(14 July 2017) Google ‘scale insects’ and you will be presented almost only pages about pesticides. But: these extraordinary creatures are Aussie natives, who deserve our respect and admiration.
Scale insects come in two variations: armored scales and soft scales (often called mealy bugs). The former grow beneath wax covers, shaped like shells. The shield forms a protective cover, almost hiding the fact that it is an insect: it is an adult female scale, which is immobile and permanently attached to the plant she has parasitized. The waxy coating is her defense.
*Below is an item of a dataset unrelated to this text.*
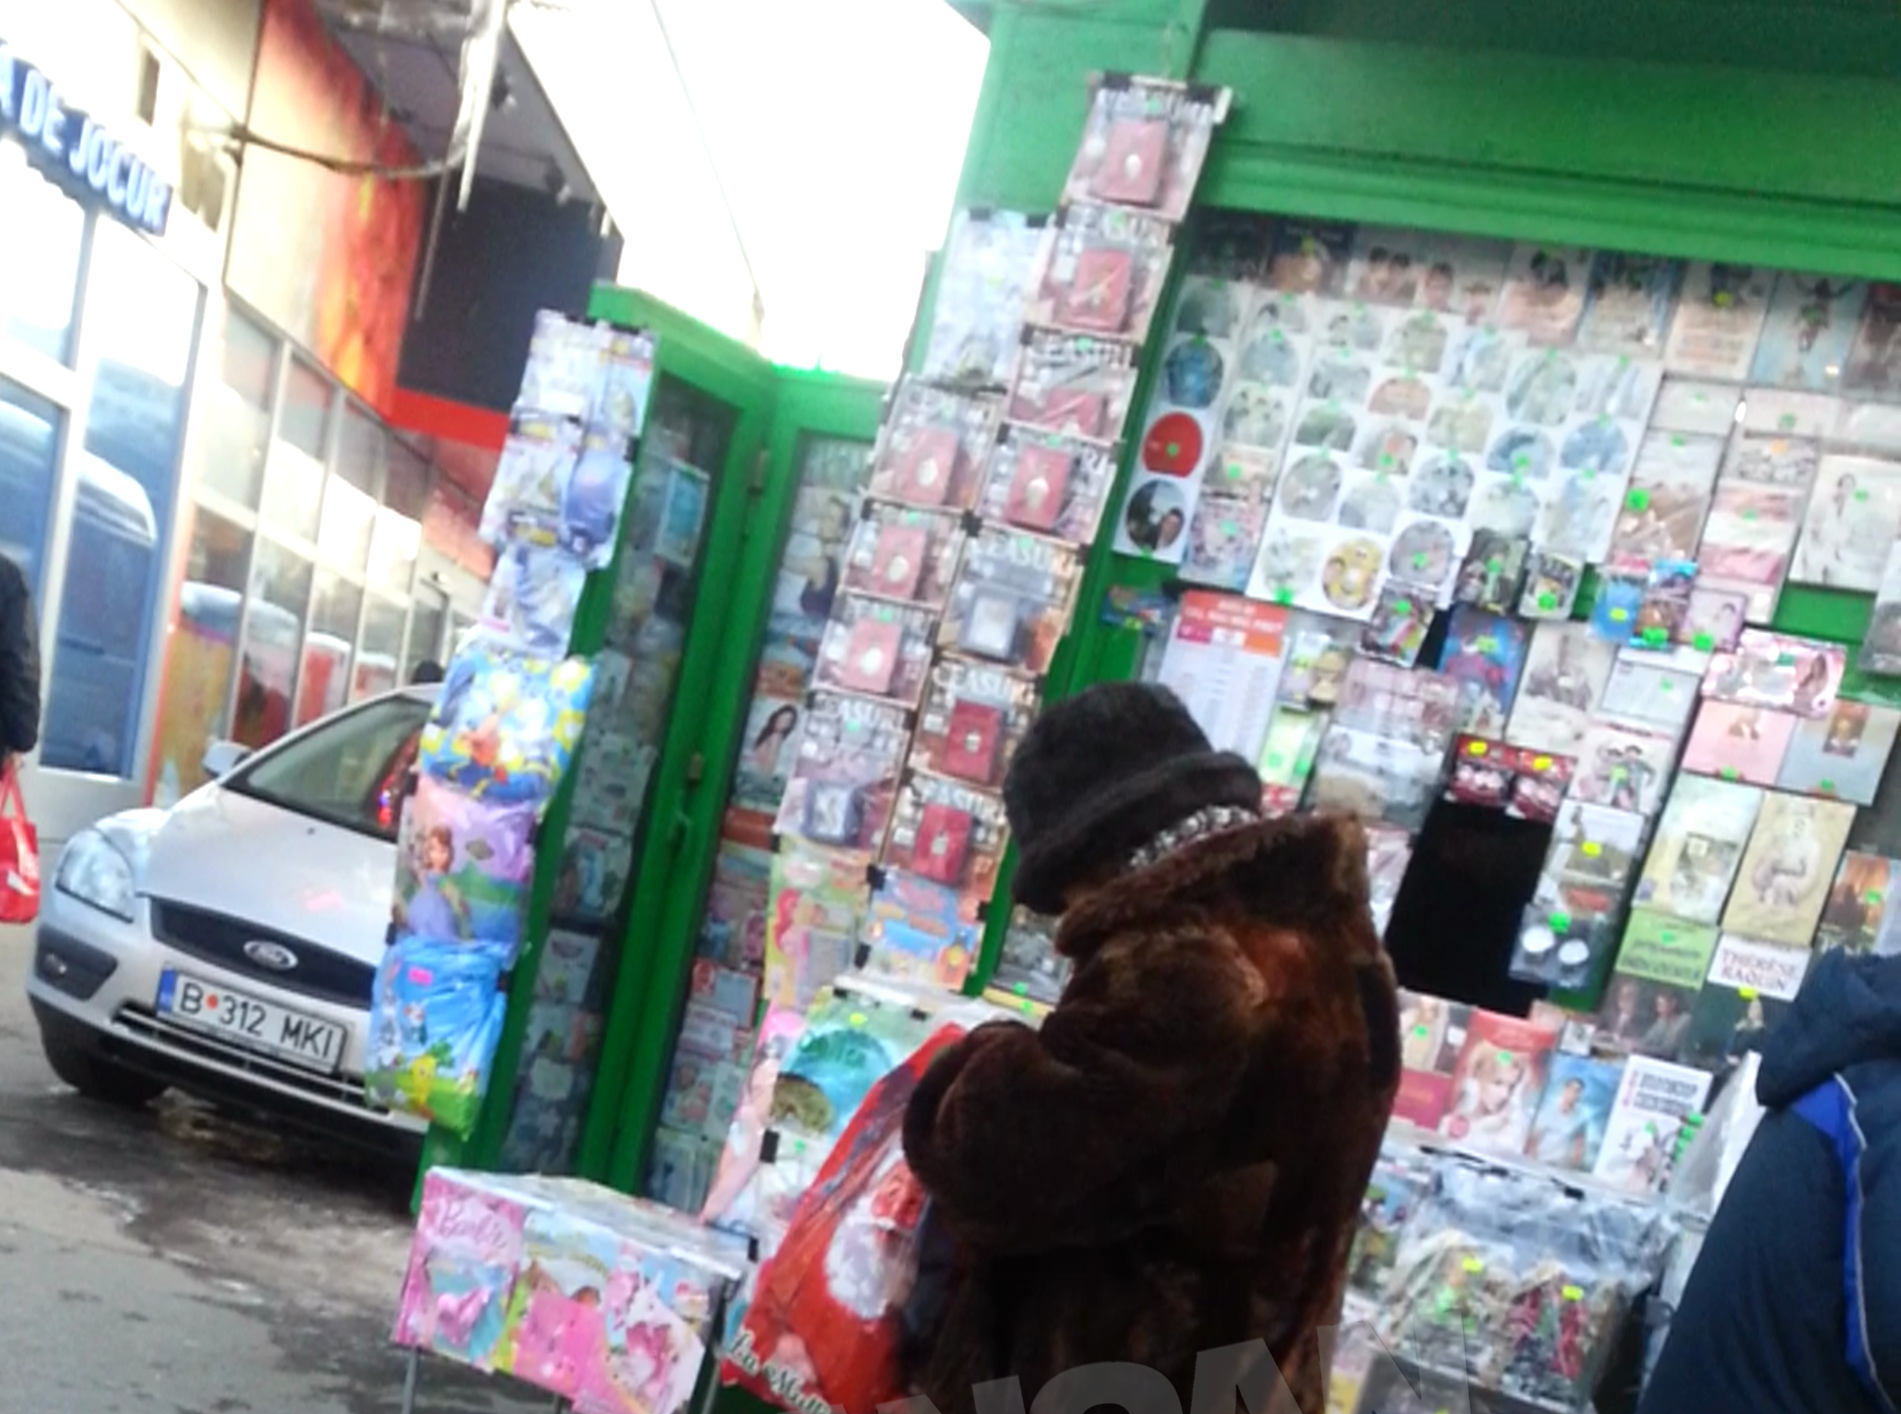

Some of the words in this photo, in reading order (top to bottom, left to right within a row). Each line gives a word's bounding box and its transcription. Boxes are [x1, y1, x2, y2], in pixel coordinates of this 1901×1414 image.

Scale insects shows high degrees of sexual dimorphism. The first instars (hatchlings of insects) emerge from the eggs with functional legs, allowing them to escape the protective scale of mum. These “crawlers” find a place to settle down, feed and lose their legs (if female), or develop wings and fly away (if male). So, the female scale insects retain the immature external morphology even when sexually mature, a condition known as neoteny. Adult males on the other hand have wings (needed to find an attractive female), but that privilege comes with a heavy price: they die within a day or two, where female easily survive an entire winter. Cheap success versus smart survival….
I was lucky to find this one last week in my own garden. So plenty of time to take photos. F/7.1 was enough, 1/200 second and flash. The main challenge was to get a bit of natural looking background…. just moving the branch to a convenient position. She didn’t mind (and can’t walk away anyway….).